*What to do*:
Once you reach the line containing "this 1360×1530 image." in the data below, restate each line word for word up to and including the one containing "Some of the words".

┌─ Information supplied

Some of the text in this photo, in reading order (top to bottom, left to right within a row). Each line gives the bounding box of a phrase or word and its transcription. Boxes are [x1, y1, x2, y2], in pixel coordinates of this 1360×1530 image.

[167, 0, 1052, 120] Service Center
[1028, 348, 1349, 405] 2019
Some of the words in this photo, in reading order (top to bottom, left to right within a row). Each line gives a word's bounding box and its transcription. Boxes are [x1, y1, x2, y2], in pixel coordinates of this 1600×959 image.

└─
┌─ Information supplied

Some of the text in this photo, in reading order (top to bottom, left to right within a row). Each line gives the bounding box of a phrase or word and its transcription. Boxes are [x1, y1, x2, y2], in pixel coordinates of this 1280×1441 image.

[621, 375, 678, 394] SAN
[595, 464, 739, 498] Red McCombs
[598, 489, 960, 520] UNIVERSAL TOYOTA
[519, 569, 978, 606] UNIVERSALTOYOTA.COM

└─

*Answer to this exercise*:
Some of the text in this photo, in reading order (top to bottom, left to right within a row). Each line gives the bounding box of a phrase or word and its transcription. Boxes are [x1, y1, x2, y2], in pixel coordinates of this 1360×1530 image.

[167, 0, 1052, 120] Service Center
[1028, 348, 1349, 405] 2019
Some of the words in this photo, in reading order (top to bottom, left to right within a row). Each line gives a word's bounding box and its transcription. Boxes are [x1, y1, x2, y2], in pixel coordinates of this 1600×959 image.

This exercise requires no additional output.